Annie Besant together with Matchgirls Strike Committee in 1888 (Pic: Wikimedia Commons)
A Dirty, Filthy Book: Annie Besant’s Fight for Reproductive Rights, by Michael Meyer is a new biography of socialist activist Annie Besant.
It is a racy, pacy account of her extraordinary life.
As Michael Meyer writes, Besant “took aim at and subverted such seemingly intractable Victorian tenets as the Church, marriage, sex, class and imperialism.”
Besant was arrested twice by the British state, once in London for distributing birth control information, and once in India for opposing the British Empire.
And she paid a huge personal price for fighting for women’s right to bodily autonomy.
Annie Wood was born on 1 October 1847 in London. She married Frank Besant, an evangelical Anglican, in 1867.
In 1873 Besant left her husband, taking her daughter Mabel. Besant began to write for the paper of the National Secular Society led by Charles Bradlaugh.
She gave her first public meeting in 1874 when she spoke on “The Political Status of Women” in Covent Garden.

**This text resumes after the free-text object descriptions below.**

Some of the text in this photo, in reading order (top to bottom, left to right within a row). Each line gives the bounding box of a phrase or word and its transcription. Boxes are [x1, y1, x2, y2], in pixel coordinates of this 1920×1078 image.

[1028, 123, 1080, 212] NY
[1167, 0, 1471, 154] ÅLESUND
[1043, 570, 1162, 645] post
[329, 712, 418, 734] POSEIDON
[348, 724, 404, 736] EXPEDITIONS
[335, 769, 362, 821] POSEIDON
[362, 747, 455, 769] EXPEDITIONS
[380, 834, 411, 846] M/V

Besant and Bradlaugh became celebrities in 1877 when they published Fruits of Philosophy by birth-control campaigner Charles Knowlton in a cheap edition.
They were arrested and found guilty of obscenity charges. Their trial became a cause célèbre, pushing sex and morality to the forefront of public debate.

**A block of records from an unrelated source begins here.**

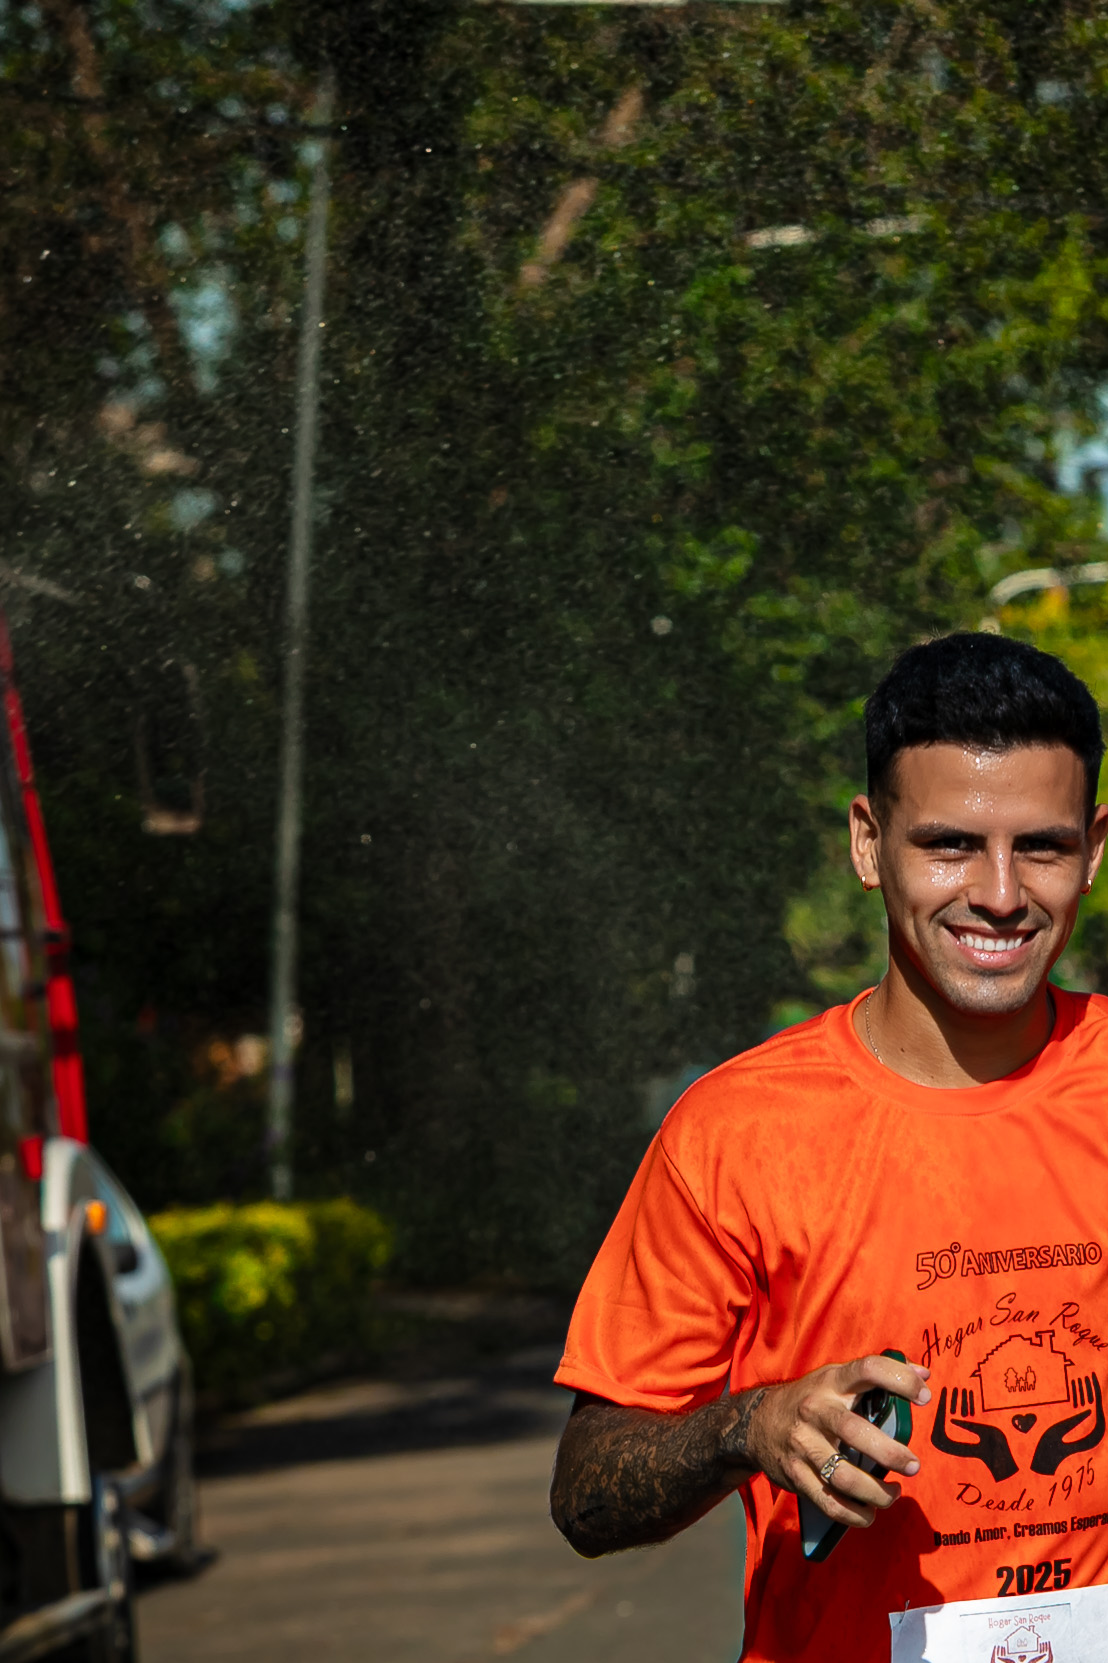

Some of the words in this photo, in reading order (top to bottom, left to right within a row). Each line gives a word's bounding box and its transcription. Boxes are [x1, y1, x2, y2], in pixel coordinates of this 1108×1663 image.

[961, 1242, 1102, 1277] ANIVERSARIO
[920, 1316, 984, 1368] Hogar
[990, 1292, 1040, 1326] San
[955, 1482, 1035, 1511] Desde
[1048, 1457, 1096, 1506] 1975
[934, 1530, 971, 1546] Dando
[1014, 1519, 1067, 1538] Creamos
[996, 1558, 1072, 1597] 2025
[988, 1617, 1012, 1629] Hogar
[1013, 1615, 1027, 1626] San
[1028, 1613, 1051, 1624] Roque

Frank Besant used the publicity surrounding the trial to have his wife declared an unfit mother. He took custody of Mabel.

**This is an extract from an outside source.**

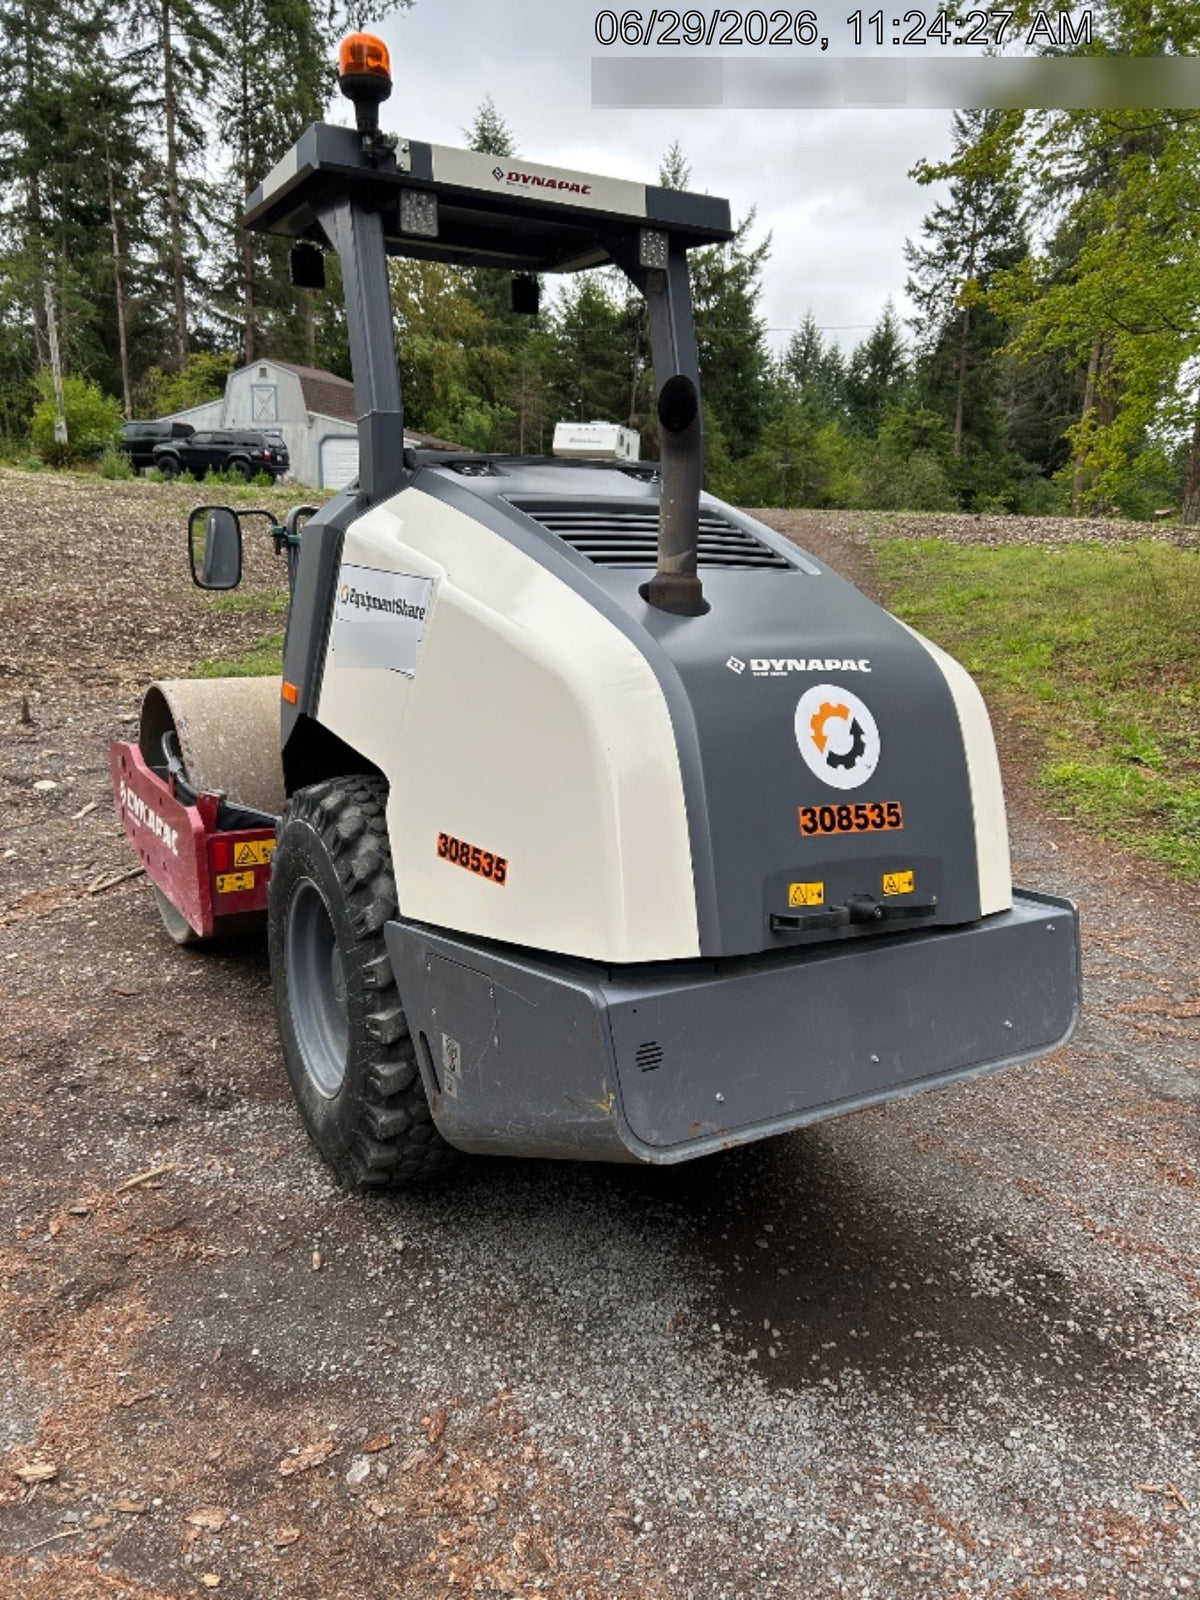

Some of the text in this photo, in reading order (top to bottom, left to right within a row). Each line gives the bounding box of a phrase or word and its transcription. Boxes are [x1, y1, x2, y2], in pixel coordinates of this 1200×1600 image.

[506, 171, 592, 195] DYNAPAC
[750, 658, 872, 673] DYNAPAC
[801, 803, 901, 834] 308535
[438, 832, 507, 883] 308535

Besant joined the Fabian socialists, and supported Irish Home Rulers in her newspaper articles. In 1887 she agreed to speak at a protest by the unemployed in Trafalgar Square. The rally was brutally attacked by police and hundreds were arrested in what became known as Bloody Sunday. Besant threw herself into organising legal aid for the jailed workers and their families.
Besant supported the match women’s strike of 1888 after writing an article about conditions at the Bryant & May match factory. She became a Marxist and joined the Social Democratic Federation in 1888.
In that year, Besant stood for election to the London School Board. She topped the poll in Tower Hamlets, with over 15,000 votes.
She wrote, “Ten years ago, under a cruel law, Christian bigotry robbed me of my little child. Now the care of the 763,680 children of London is placed partly in my hands.”
Besant was also involved in the London dock strike of 1889. But she was turning from Marxism to Theosophy – a religious movement based on Hinduism and Buddhism.
In 1890, Besant first travelled to India and joined the Indian National Congress.
In 1902 she wrote that “India is not ruled for the prospering of the people, but rather for the profit of her conquerors.”
In 1914, World War I broke out and Britain demanded support from its Empire. Echoing an Irish nationalist slogan, Besant declared, “England’s need is India’s opportunity”.
In June 1917, Besant was arrested and interned at a hill station. She was freed in September and in December she became president of the Indian National Congress.
She continued to fight for India’s independence until her death in 1933.
This biography gives a vivid sense of Besant’s complexity, her courageous resistance to the stultifying codes imposed on women and her determination to remain true to her radical beliefs. “Rather than waiting for change to happen”, Michael Meyer writes, “The audacious Annie Besant liberated herself.”